### [Stored records]
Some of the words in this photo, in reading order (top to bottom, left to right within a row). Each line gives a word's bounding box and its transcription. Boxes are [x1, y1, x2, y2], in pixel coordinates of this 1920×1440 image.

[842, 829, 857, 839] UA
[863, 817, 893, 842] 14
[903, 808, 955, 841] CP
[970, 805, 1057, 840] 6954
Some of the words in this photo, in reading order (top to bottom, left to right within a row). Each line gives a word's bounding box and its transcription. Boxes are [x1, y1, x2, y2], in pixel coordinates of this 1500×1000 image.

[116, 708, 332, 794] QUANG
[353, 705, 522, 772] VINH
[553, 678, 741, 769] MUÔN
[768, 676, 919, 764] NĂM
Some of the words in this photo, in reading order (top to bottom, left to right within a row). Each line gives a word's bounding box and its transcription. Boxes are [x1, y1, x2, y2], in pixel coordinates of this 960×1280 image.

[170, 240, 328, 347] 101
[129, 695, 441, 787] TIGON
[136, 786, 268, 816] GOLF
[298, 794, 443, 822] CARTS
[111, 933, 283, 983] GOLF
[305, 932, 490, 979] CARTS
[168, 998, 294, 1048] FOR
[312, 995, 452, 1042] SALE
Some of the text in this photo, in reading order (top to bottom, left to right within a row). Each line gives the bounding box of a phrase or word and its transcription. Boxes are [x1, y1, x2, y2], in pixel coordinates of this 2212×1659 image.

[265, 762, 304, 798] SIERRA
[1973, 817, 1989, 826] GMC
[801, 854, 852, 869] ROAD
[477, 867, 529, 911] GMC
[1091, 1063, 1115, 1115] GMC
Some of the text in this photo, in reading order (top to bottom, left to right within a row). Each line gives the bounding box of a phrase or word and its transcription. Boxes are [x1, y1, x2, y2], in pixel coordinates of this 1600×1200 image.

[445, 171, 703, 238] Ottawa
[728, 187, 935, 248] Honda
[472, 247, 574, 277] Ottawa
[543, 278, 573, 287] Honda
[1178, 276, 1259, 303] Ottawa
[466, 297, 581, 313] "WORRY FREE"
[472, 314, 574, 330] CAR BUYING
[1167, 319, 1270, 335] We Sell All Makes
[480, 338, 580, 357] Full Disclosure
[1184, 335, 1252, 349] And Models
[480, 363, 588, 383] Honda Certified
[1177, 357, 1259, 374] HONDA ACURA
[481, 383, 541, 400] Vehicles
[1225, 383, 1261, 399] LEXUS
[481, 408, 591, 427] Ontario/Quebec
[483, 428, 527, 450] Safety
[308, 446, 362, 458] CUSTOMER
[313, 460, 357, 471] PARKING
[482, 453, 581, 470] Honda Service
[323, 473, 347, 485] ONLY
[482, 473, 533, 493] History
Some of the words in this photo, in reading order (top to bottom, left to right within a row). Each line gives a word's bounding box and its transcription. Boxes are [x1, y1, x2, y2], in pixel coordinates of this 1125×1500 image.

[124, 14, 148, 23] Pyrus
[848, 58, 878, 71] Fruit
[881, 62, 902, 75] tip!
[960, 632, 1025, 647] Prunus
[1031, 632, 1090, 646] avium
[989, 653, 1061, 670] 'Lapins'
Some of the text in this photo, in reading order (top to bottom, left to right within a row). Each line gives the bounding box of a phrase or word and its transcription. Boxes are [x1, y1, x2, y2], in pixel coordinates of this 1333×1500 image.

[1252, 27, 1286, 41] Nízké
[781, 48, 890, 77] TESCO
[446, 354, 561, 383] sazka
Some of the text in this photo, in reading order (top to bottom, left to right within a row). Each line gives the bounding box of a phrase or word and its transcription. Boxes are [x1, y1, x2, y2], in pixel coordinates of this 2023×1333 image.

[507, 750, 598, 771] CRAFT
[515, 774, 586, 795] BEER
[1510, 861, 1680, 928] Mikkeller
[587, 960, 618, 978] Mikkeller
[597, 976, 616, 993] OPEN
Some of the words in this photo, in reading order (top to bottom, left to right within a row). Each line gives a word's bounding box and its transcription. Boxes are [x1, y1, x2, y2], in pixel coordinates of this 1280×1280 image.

### [Work required]
Write the data out once more. Keep every word the same.

### [Reply to the task]
Some of the words in this photo, in reading order (top to bottom, left to right within a row). Each line gives a word's bounding box and its transcription. Boxes are [x1, y1, x2, y2], in pixel coordinates of this 1920×1440 image.

[842, 829, 857, 839] UA
[863, 817, 893, 842] 14
[903, 808, 955, 841] CP
[970, 805, 1057, 840] 6954
Some of the words in this photo, in reading order (top to bottom, left to right within a row). Each line gives a word's bounding box and its transcription. Boxes are [x1, y1, x2, y2], in pixel coordinates of this 1500×1000 image.

[116, 708, 332, 794] QUANG
[353, 705, 522, 772] VINH
[553, 678, 741, 769] MUÔN
[768, 676, 919, 764] NĂM
Some of the words in this photo, in reading order (top to bottom, left to right within a row). Each line gives a word's bounding box and its transcription. Boxes are [x1, y1, x2, y2], in pixel coordinates of this 960×1280 image.

[170, 240, 328, 347] 101
[129, 695, 441, 787] TIGON
[136, 786, 268, 816] GOLF
[298, 794, 443, 822] CARTS
[111, 933, 283, 983] GOLF
[305, 932, 490, 979] CARTS
[168, 998, 294, 1048] FOR
[312, 995, 452, 1042] SALE
Some of the text in this photo, in reading order (top to bottom, left to right within a row). Each line gives the bounding box of a phrase or word and its transcription. Boxes are [x1, y1, x2, y2], in pixel coordinates of this 2212×1659 image.

[265, 762, 304, 798] SIERRA
[1973, 817, 1989, 826] GMC
[801, 854, 852, 869] ROAD
[477, 867, 529, 911] GMC
[1091, 1063, 1115, 1115] GMC
Some of the text in this photo, in reading order (top to bottom, left to right within a row). Each line gives the bounding box of a phrase or word and its transcription. Boxes are [x1, y1, x2, y2], in pixel coordinates of this 1600×1200 image.

[445, 171, 703, 238] Ottawa
[728, 187, 935, 248] Honda
[472, 247, 574, 277] Ottawa
[543, 278, 573, 287] Honda
[1178, 276, 1259, 303] Ottawa
[466, 297, 581, 313] "WORRY FREE"
[472, 314, 574, 330] CAR BUYING
[1167, 319, 1270, 335] We Sell All Makes
[480, 338, 580, 357] Full Disclosure
[1184, 335, 1252, 349] And Models
[480, 363, 588, 383] Honda Certified
[1177, 357, 1259, 374] HONDA ACURA
[481, 383, 541, 400] Vehicles
[1225, 383, 1261, 399] LEXUS
[481, 408, 591, 427] Ontario/Quebec
[483, 428, 527, 450] Safety
[308, 446, 362, 458] CUSTOMER
[313, 460, 357, 471] PARKING
[482, 453, 581, 470] Honda Service
[323, 473, 347, 485] ONLY
[482, 473, 533, 493] History
Some of the words in this photo, in reading order (top to bottom, left to right within a row). Each line gives a word's bounding box and its transcription. Boxes are [x1, y1, x2, y2], in pixel coordinates of this 1125×1500 image.

[124, 14, 148, 23] Pyrus
[848, 58, 878, 71] Fruit
[881, 62, 902, 75] tip!
[960, 632, 1025, 647] Prunus
[1031, 632, 1090, 646] avium
[989, 653, 1061, 670] 'Lapins'
Some of the text in this photo, in reading order (top to bottom, left to right within a row). Each line gives the bounding box of a phrase or word and its transcription. Boxes are [x1, y1, x2, y2], in pixel coordinates of this 1333×1500 image.

[1252, 27, 1286, 41] Nízké
[781, 48, 890, 77] TESCO
[446, 354, 561, 383] sazka
Some of the text in this photo, in reading order (top to bottom, left to right within a row). Each line gives the bounding box of a phrase or word and its transcription. Boxes are [x1, y1, x2, y2], in pixel coordinates of this 2023×1333 image.

[507, 750, 598, 771] CRAFT
[515, 774, 586, 795] BEER
[1510, 861, 1680, 928] Mikkeller
[587, 960, 618, 978] Mikkeller
[597, 976, 616, 993] OPEN
Some of the words in this photo, in reading order (top to bottom, left to right within a row). Each line gives a word's bounding box and its transcription. Boxes are [x1, y1, x2, y2], in pixel coordinates of this 1280×1280 image.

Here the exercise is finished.